[Text-to-region grounding data]
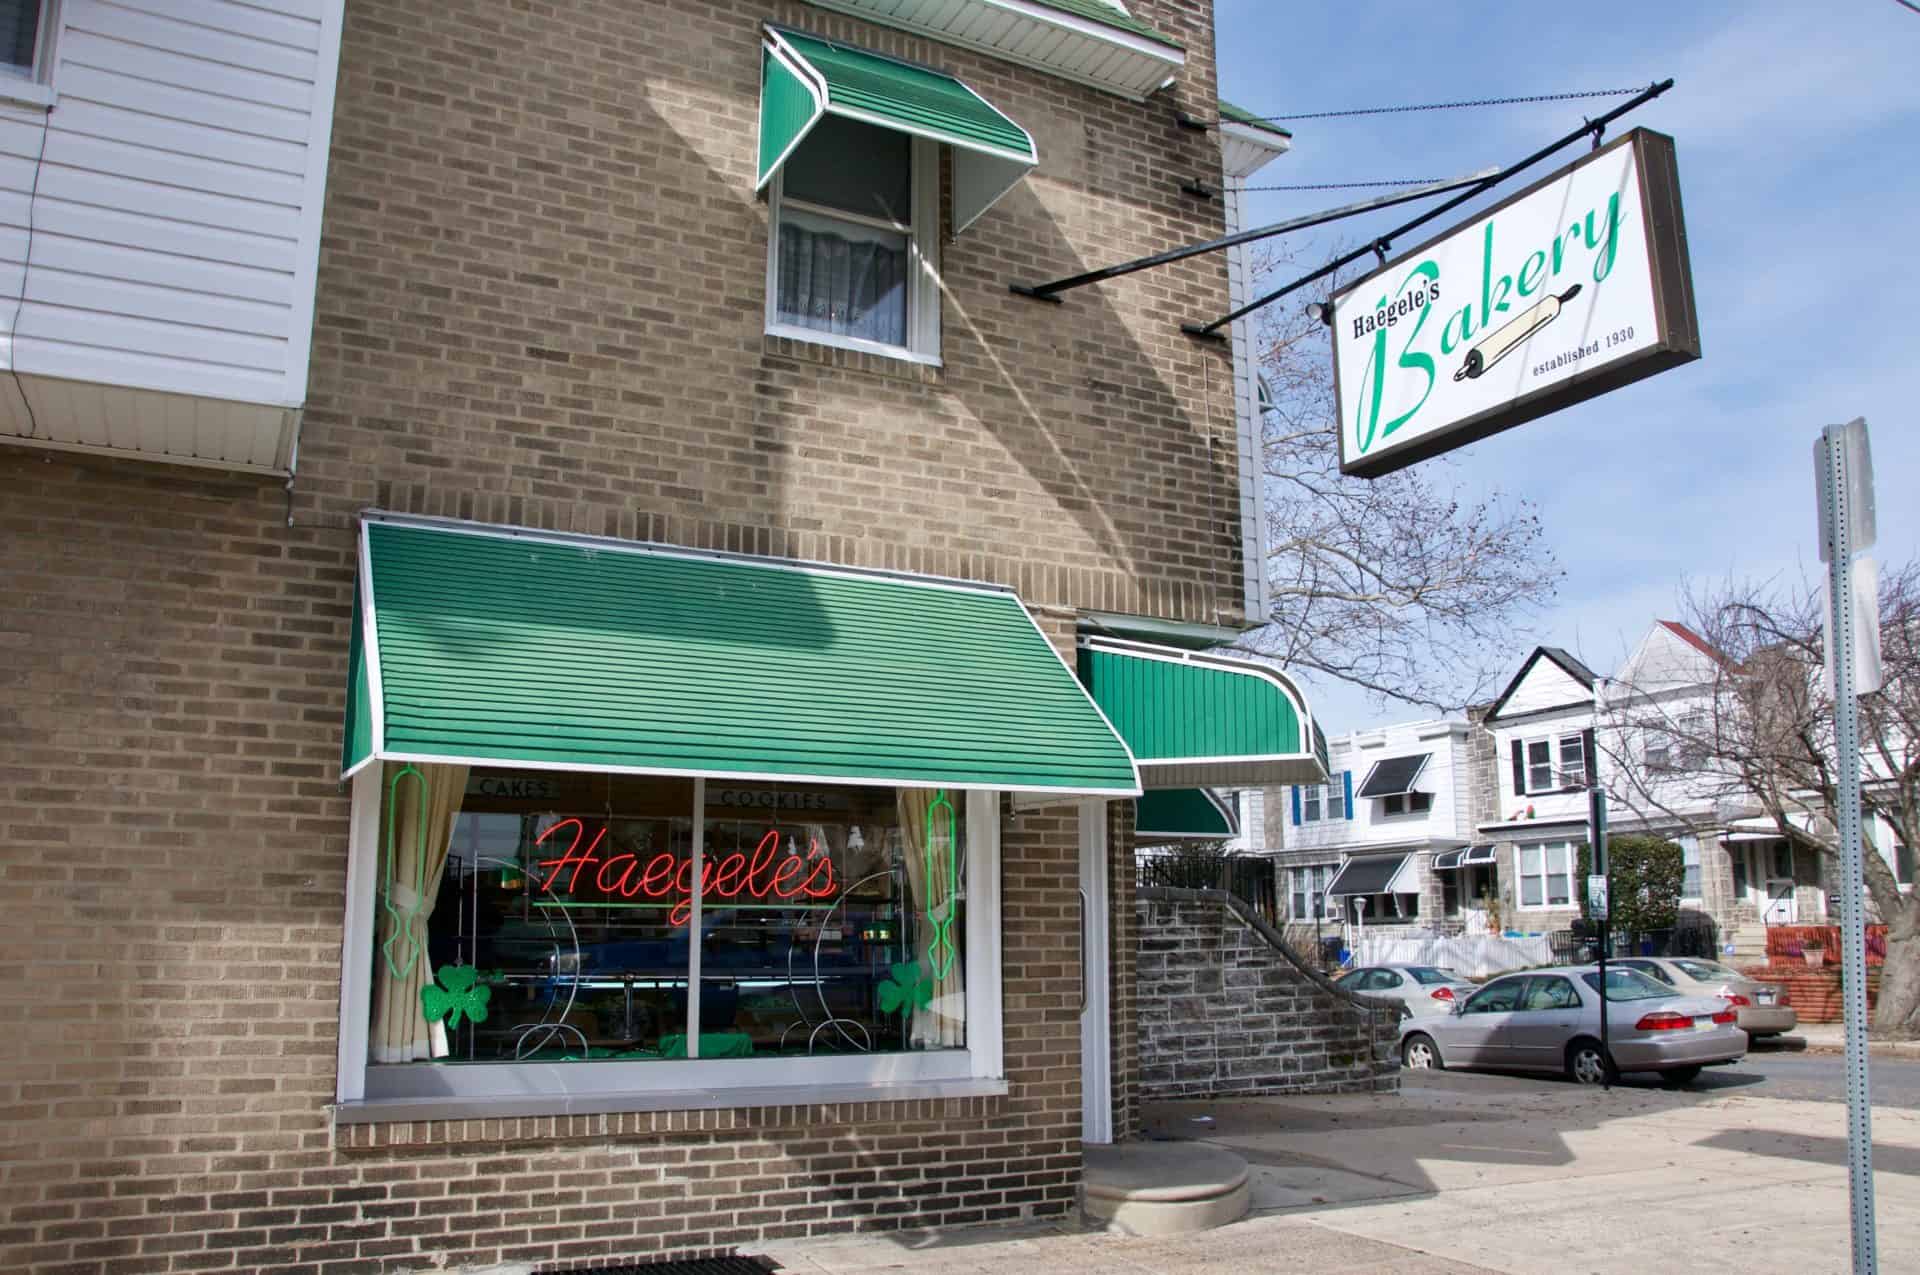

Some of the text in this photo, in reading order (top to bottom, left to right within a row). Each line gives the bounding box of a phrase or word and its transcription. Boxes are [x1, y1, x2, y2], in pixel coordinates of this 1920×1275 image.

[1353, 280, 1440, 339] Haegele's
[1357, 191, 1627, 455] Bakery
[1533, 326, 1634, 376] established 1930
[721, 790, 826, 810] COOKIES
[536, 818, 836, 926] Haegele's
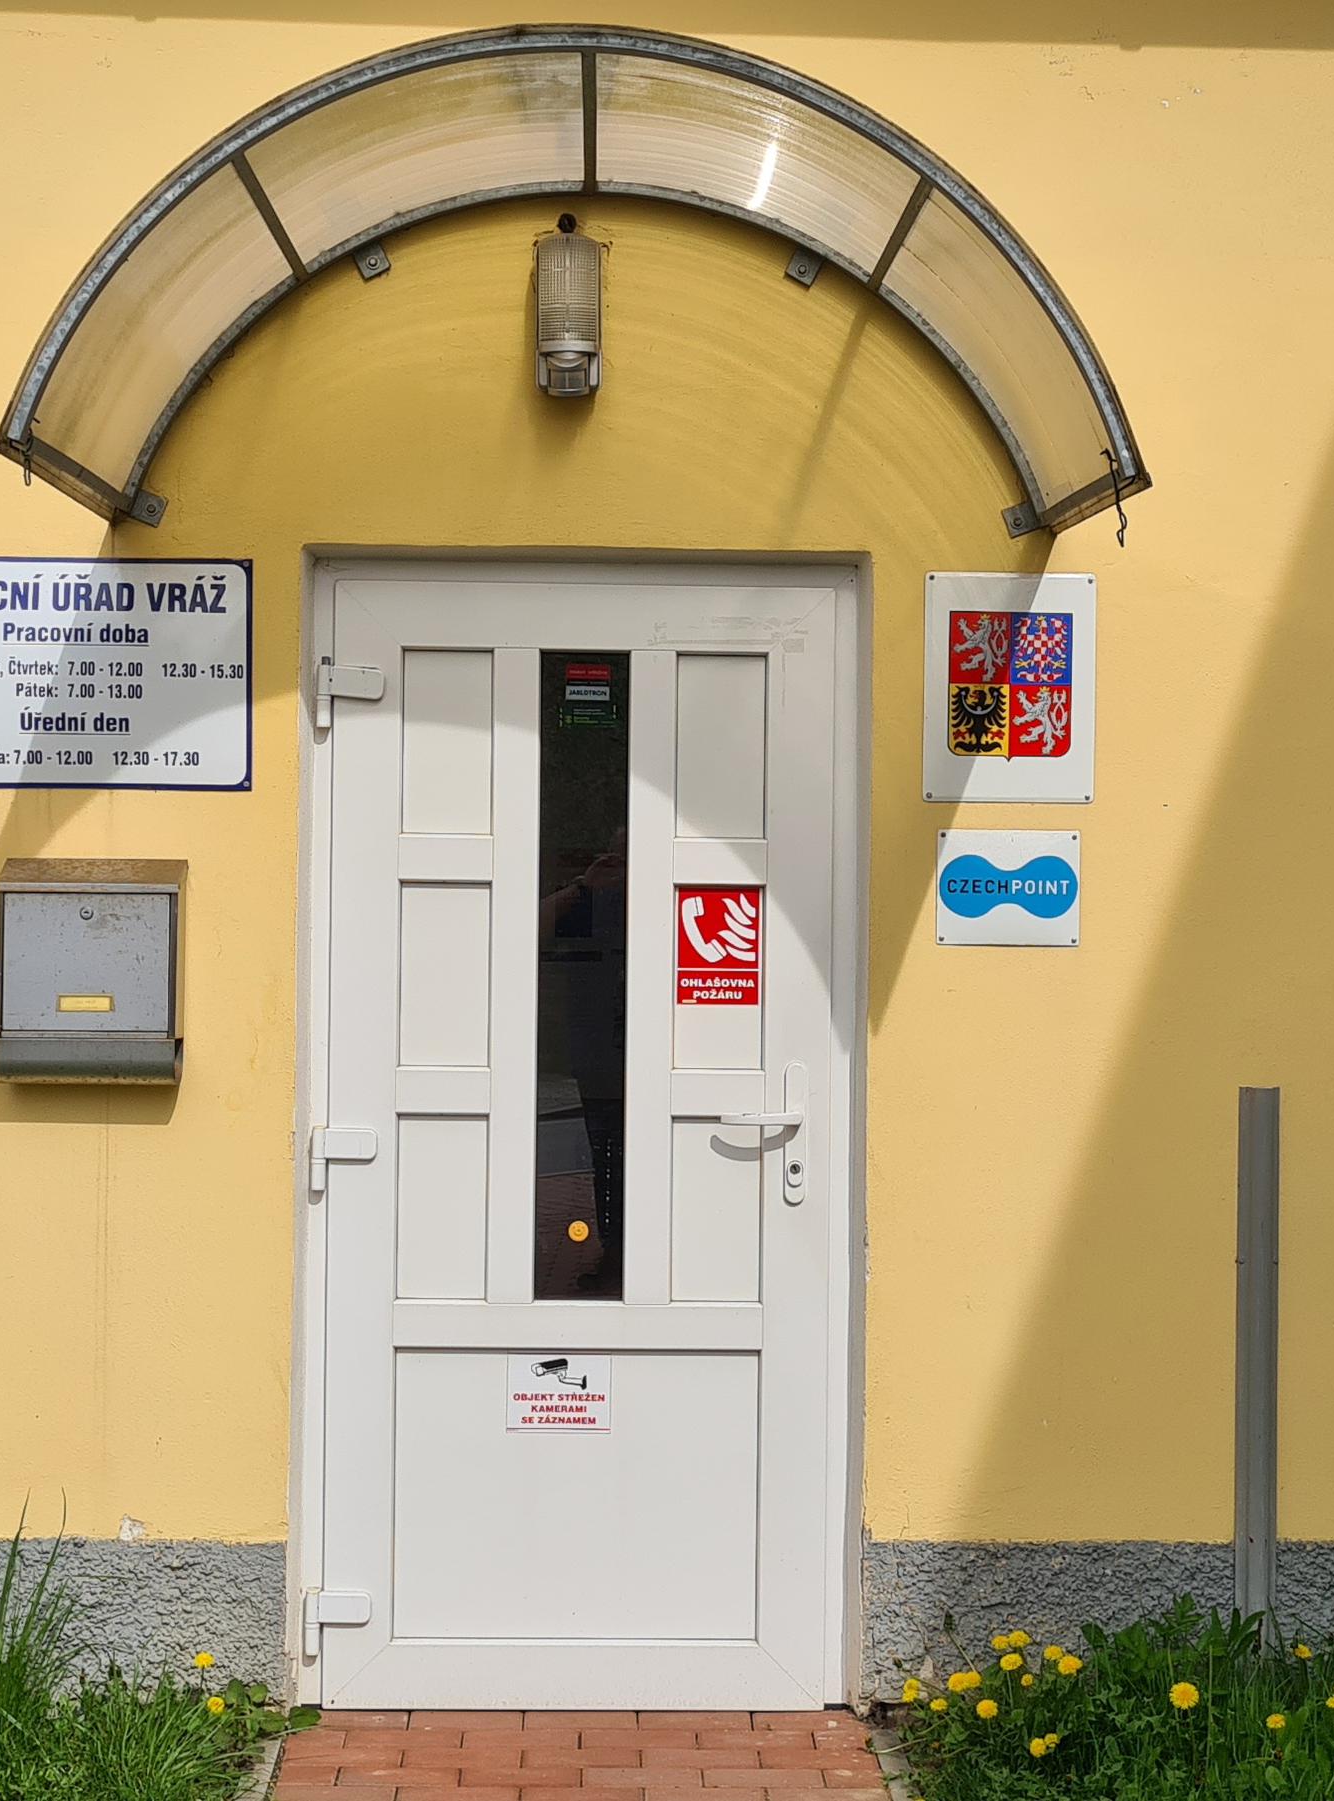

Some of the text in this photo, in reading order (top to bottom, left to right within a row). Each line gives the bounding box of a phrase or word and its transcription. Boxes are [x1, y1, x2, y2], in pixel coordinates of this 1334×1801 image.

**Task brief:** Skip every picture and transcribe the data above exactly.

**Exercise response:**
Some of the text in this photo, in reading order (top to bottom, left to right within a row). Each line gives the bounding box of a phrase or word and its transcription. Boxes are [x1, y1, x2, y2], in pixel coordinates of this 1920×1275 image.

[1353, 280, 1440, 339] Haegele's
[1357, 191, 1627, 455] Bakery
[1533, 326, 1634, 376] established 1930
[721, 790, 826, 810] COOKIES
[536, 818, 836, 926] Haegele's

Some of the text in this photo, in reading order (top to bottom, left to right within a row). Each line gives the bounding box of a phrase or word and its transcription. Boxes are [x1, y1, x2, y2], in pixel coordinates of this 1334×1801 image.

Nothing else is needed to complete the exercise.